»»

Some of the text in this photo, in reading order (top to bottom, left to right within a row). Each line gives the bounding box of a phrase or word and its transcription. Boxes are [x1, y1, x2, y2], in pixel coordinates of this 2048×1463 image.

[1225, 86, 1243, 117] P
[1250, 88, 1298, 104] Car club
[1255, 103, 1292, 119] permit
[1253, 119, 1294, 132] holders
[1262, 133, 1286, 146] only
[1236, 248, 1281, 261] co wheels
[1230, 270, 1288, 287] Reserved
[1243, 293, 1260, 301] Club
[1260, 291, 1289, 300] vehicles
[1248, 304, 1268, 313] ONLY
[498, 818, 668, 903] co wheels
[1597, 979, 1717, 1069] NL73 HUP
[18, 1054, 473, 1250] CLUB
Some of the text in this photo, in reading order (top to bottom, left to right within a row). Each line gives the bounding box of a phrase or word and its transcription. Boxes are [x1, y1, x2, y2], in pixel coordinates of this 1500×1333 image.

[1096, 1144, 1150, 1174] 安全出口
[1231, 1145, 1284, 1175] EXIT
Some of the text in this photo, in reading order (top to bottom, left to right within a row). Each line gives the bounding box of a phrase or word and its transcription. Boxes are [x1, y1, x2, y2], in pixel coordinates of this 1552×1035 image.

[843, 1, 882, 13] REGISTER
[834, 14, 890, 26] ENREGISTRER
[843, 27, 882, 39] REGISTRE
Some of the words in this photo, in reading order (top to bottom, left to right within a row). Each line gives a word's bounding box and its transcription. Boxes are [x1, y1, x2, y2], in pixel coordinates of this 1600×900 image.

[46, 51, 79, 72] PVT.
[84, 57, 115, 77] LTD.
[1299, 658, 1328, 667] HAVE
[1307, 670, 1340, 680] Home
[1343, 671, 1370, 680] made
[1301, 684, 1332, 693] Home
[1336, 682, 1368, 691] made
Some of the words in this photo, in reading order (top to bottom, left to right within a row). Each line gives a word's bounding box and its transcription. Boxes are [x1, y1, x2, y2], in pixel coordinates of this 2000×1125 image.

««

What you are asked to do: Reproduce the entries exactly, dropping nothing.

Result of this exercise:
Some of the text in this photo, in reading order (top to bottom, left to right within a row). Each line gives the bounding box of a phrase or word and its transcription. Boxes are [x1, y1, x2, y2], in pixel coordinates of this 2048×1463 image.

[1225, 86, 1243, 117] P
[1250, 88, 1298, 104] Car club
[1255, 103, 1292, 119] permit
[1253, 119, 1294, 132] holders
[1262, 133, 1286, 146] only
[1236, 248, 1281, 261] co wheels
[1230, 270, 1288, 287] Reserved
[1243, 293, 1260, 301] Club
[1260, 291, 1289, 300] vehicles
[1248, 304, 1268, 313] ONLY
[498, 818, 668, 903] co wheels
[1597, 979, 1717, 1069] NL73 HUP
[18, 1054, 473, 1250] CLUB
Some of the text in this photo, in reading order (top to bottom, left to right within a row). Each line gives the bounding box of a phrase or word and its transcription. Boxes are [x1, y1, x2, y2], in pixel coordinates of this 1500×1333 image.

[1096, 1144, 1150, 1174] 安全出口
[1231, 1145, 1284, 1175] EXIT
Some of the text in this photo, in reading order (top to bottom, left to right within a row). Each line gives the bounding box of a phrase or word and its transcription. Boxes are [x1, y1, x2, y2], in pixel coordinates of this 1552×1035 image.

[843, 1, 882, 13] REGISTER
[834, 14, 890, 26] ENREGISTRER
[843, 27, 882, 39] REGISTRE
Some of the words in this photo, in reading order (top to bottom, left to right within a row). Each line gives a word's bounding box and its transcription. Boxes are [x1, y1, x2, y2], in pixel coordinates of this 1600×900 image.

[46, 51, 79, 72] PVT.
[84, 57, 115, 77] LTD.
[1299, 658, 1328, 667] HAVE
[1307, 670, 1340, 680] Home
[1343, 671, 1370, 680] made
[1301, 684, 1332, 693] Home
[1336, 682, 1368, 691] made
Some of the words in this photo, in reading order (top to bottom, left to right within a row). Each line gives a word's bounding box and its transcription. Boxes are [x1, y1, x2, y2], in pixel coordinates of this 2000×1125 image.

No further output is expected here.